*** Data excerpts ***
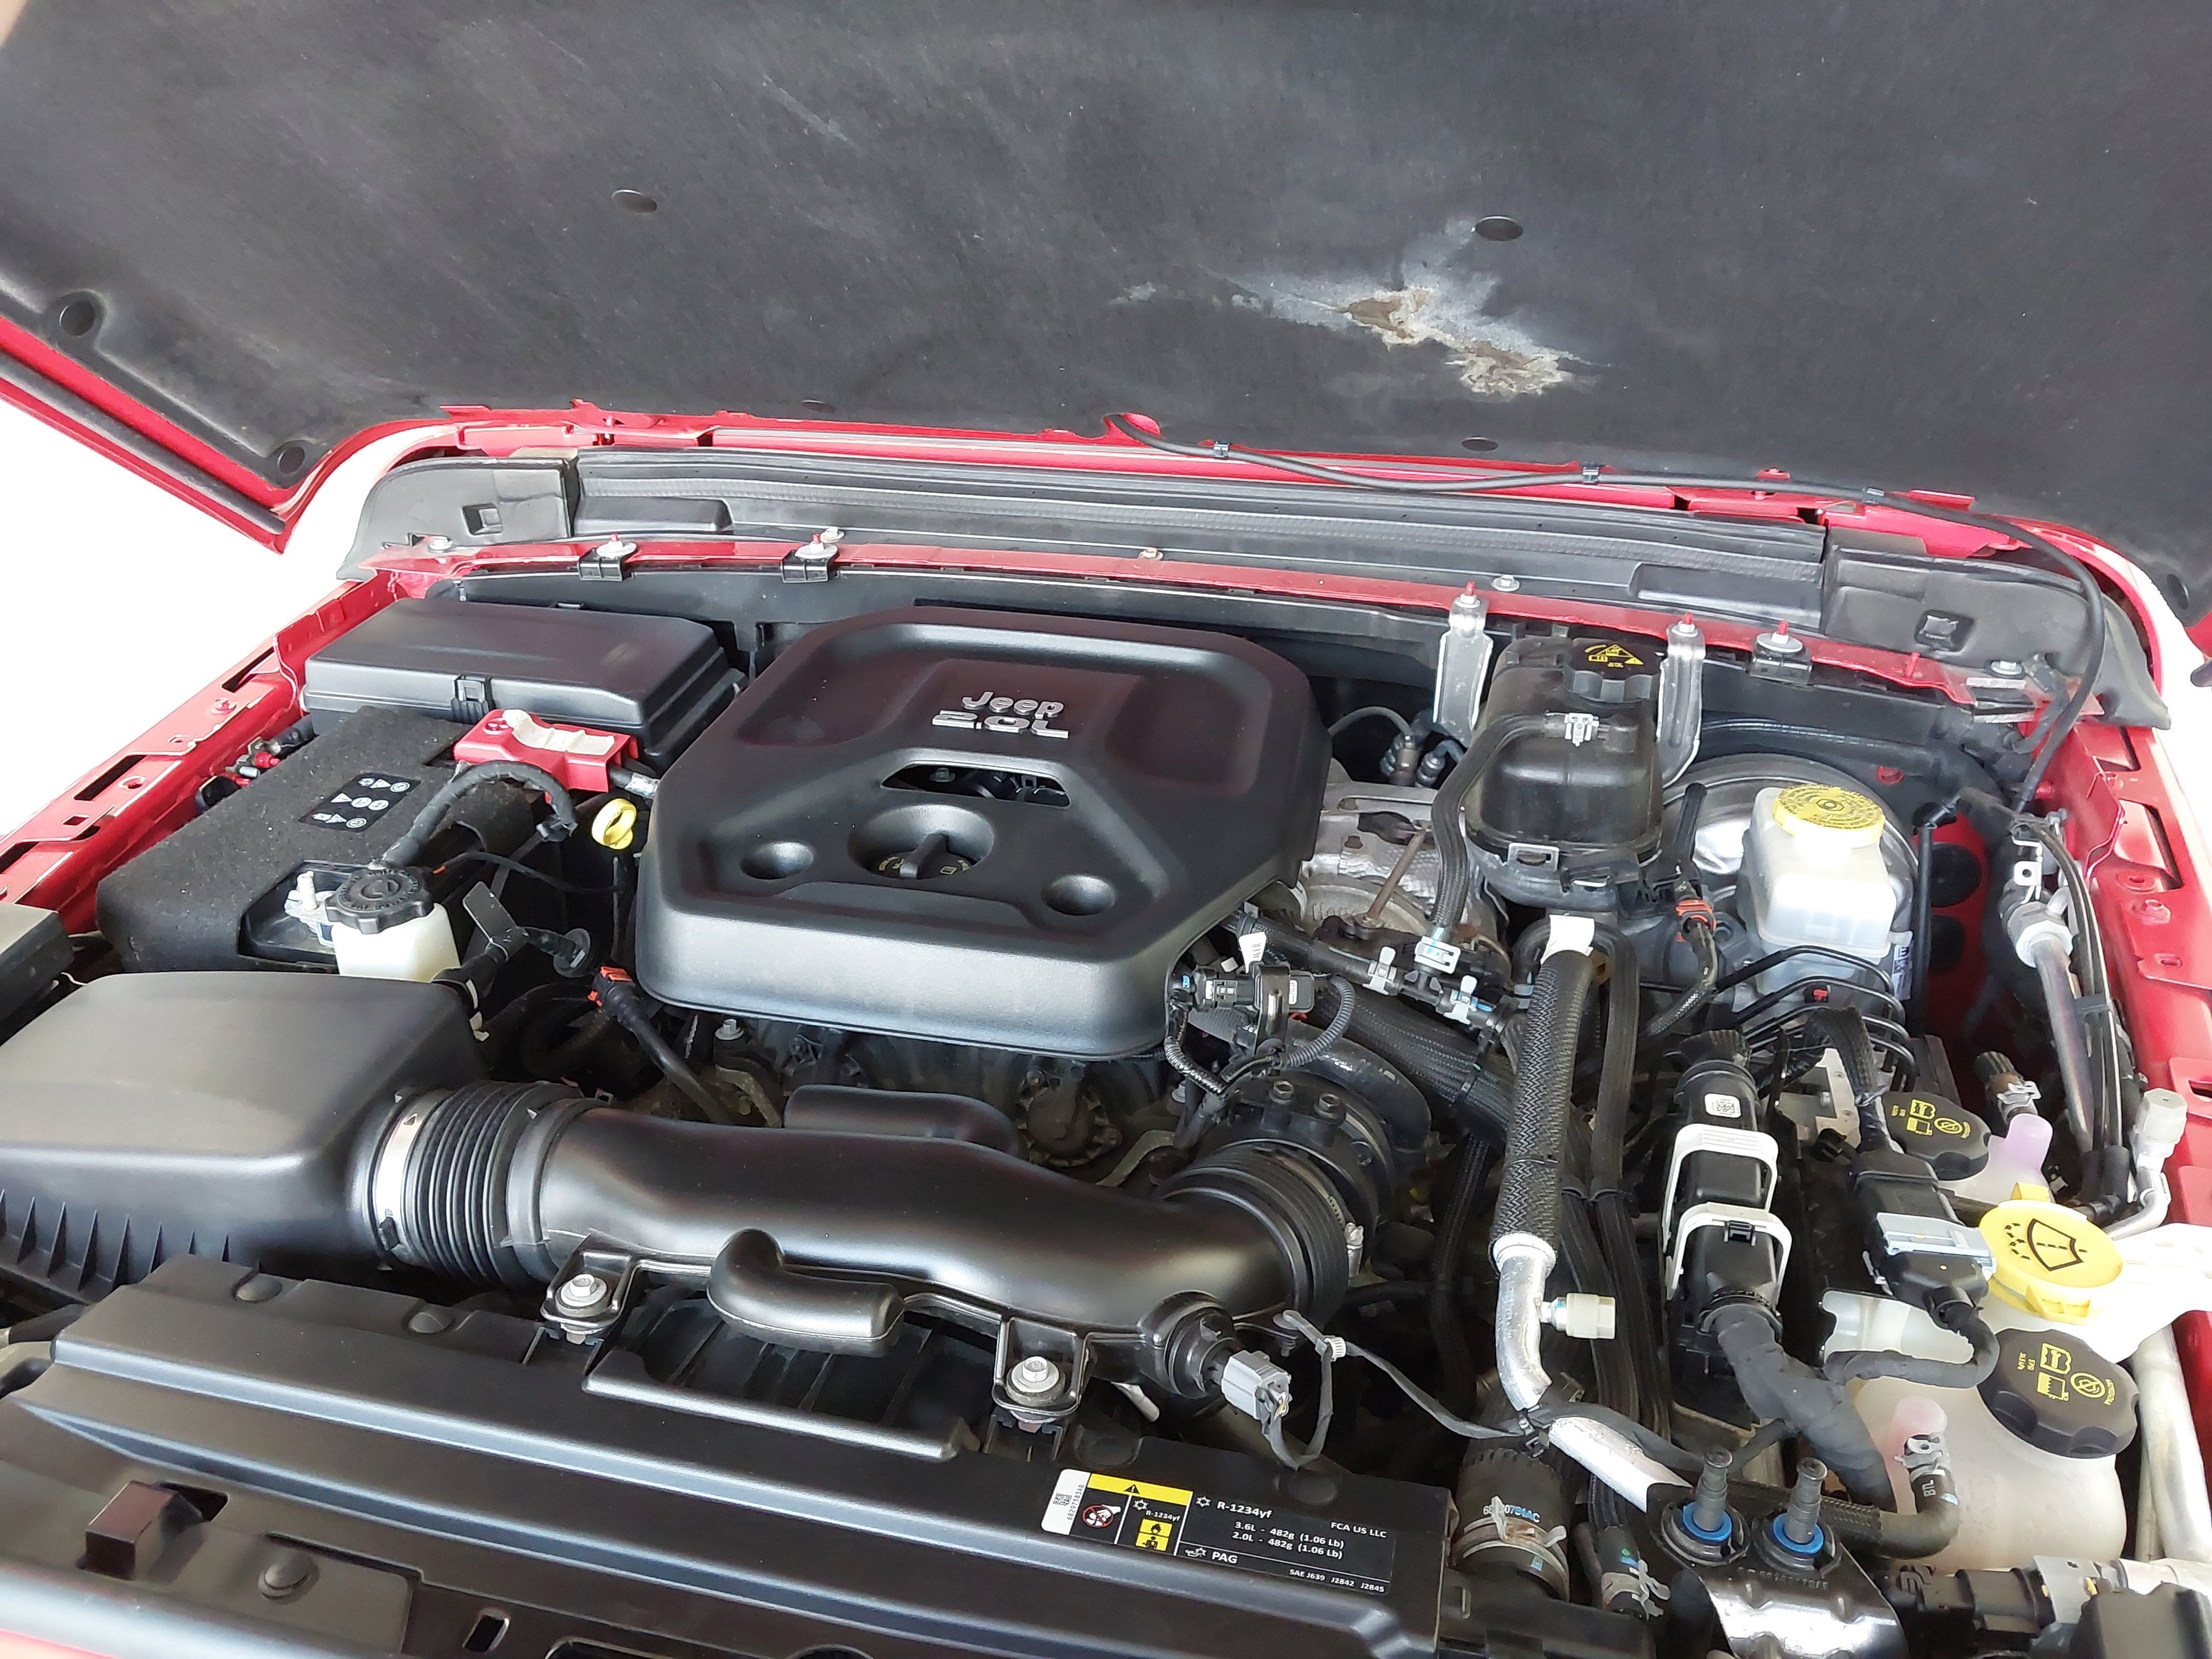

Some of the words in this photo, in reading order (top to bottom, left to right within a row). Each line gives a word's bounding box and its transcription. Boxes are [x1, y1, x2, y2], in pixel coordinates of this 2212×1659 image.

[962, 691, 1064, 719] Jeep
[931, 710, 1070, 739] 2.0L
[1145, 1510, 1181, 1522] R-1234yf
[1217, 1501, 1273, 1519] R-1234yf
[1234, 1521, 1256, 1532] 3.6L
[1269, 1528, 1295, 1540] 482g
[1300, 1533, 1326, 1545] (1.06
[1328, 1539, 1344, 1549] Lb)
[1330, 1522, 1351, 1532] FCA
[1353, 1526, 1367, 1535] US
[1369, 1529, 1387, 1538] LLC
[1212, 1551, 1238, 1564] PAG
[1232, 1532, 1254, 1542] 2.0L
[1268, 1538, 1294, 1551] 482g
[1298, 1543, 1324, 1555] (1.06
[1326, 1549, 1342, 1560] Lb)
[1289, 1568, 1306, 1577] SAE
[1306, 1572, 1326, 1581] J639
[1330, 1577, 1355, 1587] J2842
[1360, 1582, 1385, 1592] J2845
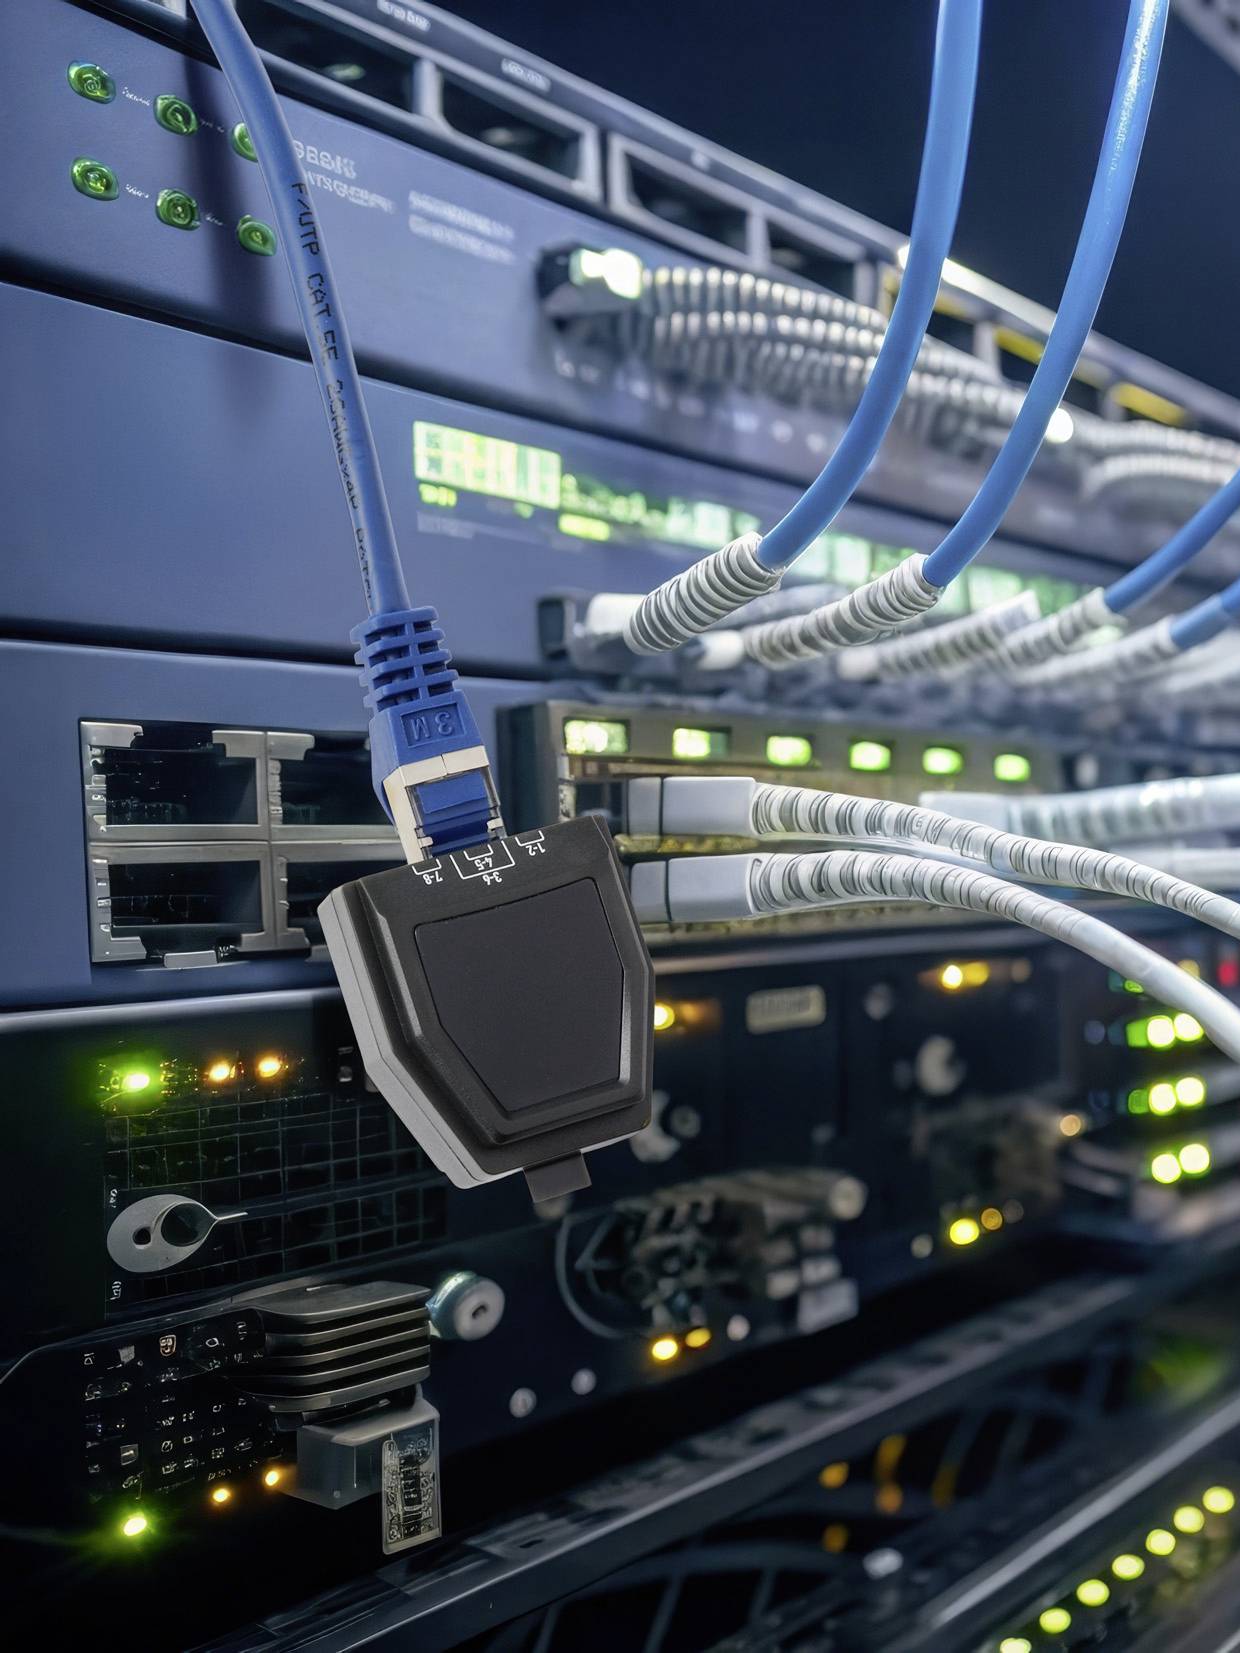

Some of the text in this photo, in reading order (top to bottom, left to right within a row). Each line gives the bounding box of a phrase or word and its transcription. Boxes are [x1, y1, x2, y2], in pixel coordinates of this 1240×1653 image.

[525, 842, 546, 857] 1-2
[474, 856, 493, 871] 4-5
[422, 870, 443, 885] 7-8
[482, 871, 503, 886] 3-6
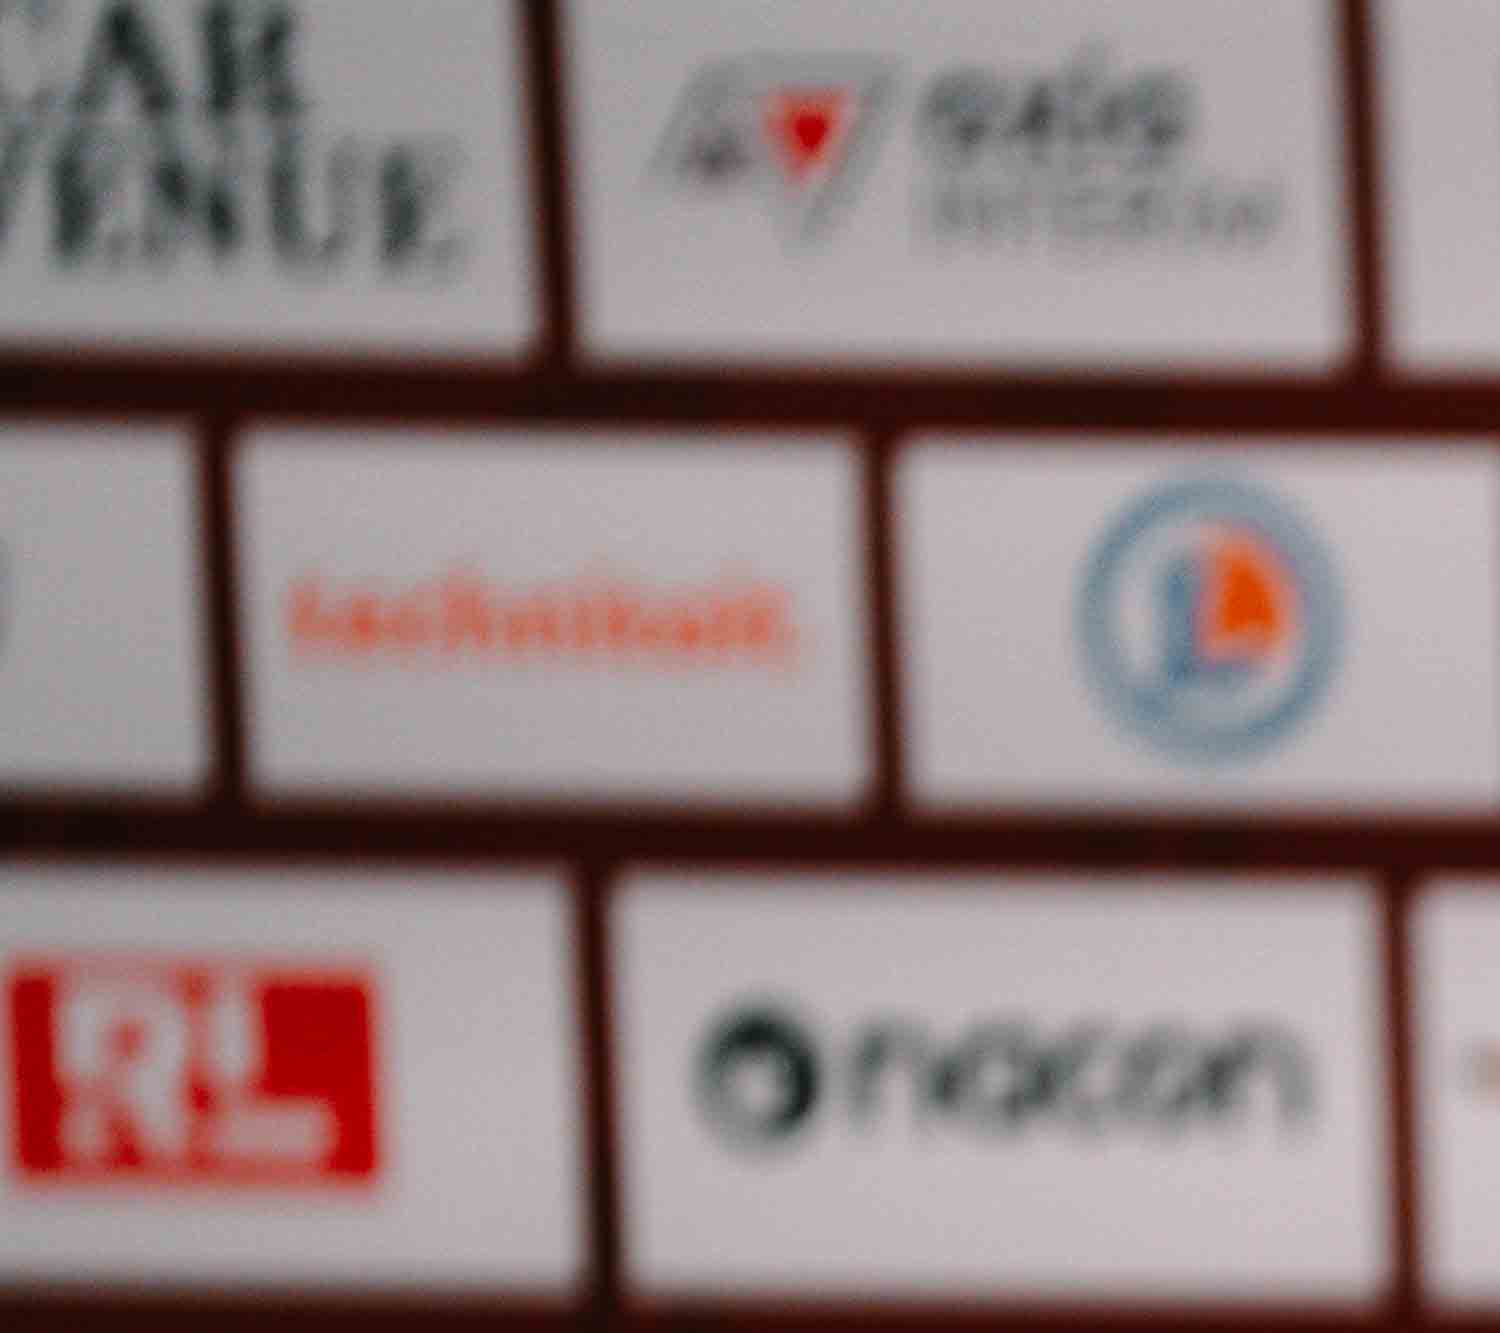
*** End of Data excerpts ***
Work instruction:
Begin at the line with "Some of the text" and retype exactly every line through the last one of the entries above, both included, and nothing more; pictures stay out.

Solution for this task:
Some of the text in this photo, in reading order (top to bottom, left to right within a row). Each line gives the bounding box of a phrase or word and its transcription. Boxes are [x1, y1, x2, y2], in pixel coordinates of this 1240×1653 image.

[525, 842, 546, 857] 1-2
[474, 856, 493, 871] 4-5
[422, 870, 443, 885] 7-8
[482, 871, 503, 886] 3-6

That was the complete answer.